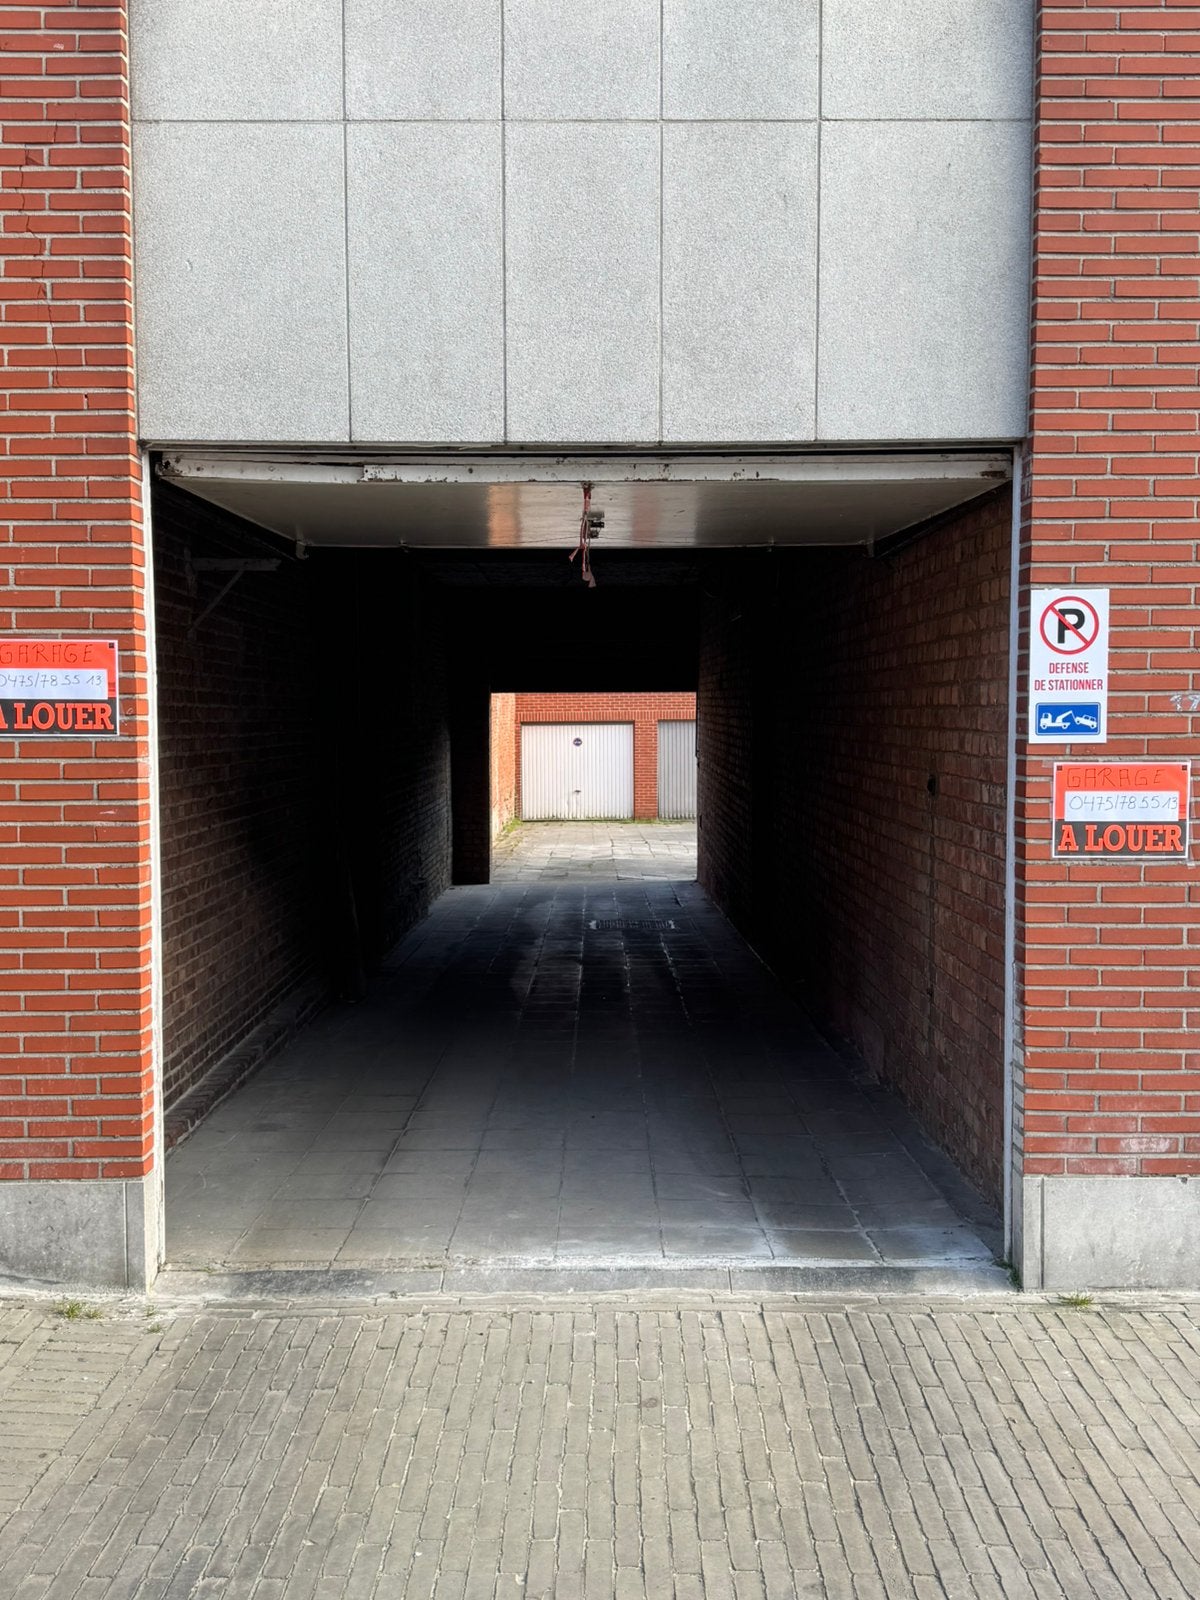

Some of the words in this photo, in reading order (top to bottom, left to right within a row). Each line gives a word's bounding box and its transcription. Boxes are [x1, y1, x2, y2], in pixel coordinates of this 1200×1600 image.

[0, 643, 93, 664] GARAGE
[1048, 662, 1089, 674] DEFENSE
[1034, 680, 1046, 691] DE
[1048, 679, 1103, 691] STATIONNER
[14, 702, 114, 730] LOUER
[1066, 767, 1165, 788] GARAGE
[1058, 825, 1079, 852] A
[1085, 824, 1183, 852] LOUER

Work instruction: Please provide a faithful transcription of all the data, pictures excluded.

Answer to this problem:
Some of the words in this photo, in reading order (top to bottom, left to right within a row). Each line gives a word's bounding box and its transcription. Boxes are [x1, y1, x2, y2], in pixel coordinates of this 1200×1600 image.

[0, 643, 93, 664] GARAGE
[1048, 662, 1089, 674] DEFENSE
[1034, 680, 1046, 691] DE
[1048, 679, 1103, 691] STATIONNER
[14, 702, 114, 730] LOUER
[1066, 767, 1165, 788] GARAGE
[1058, 825, 1079, 852] A
[1085, 824, 1183, 852] LOUER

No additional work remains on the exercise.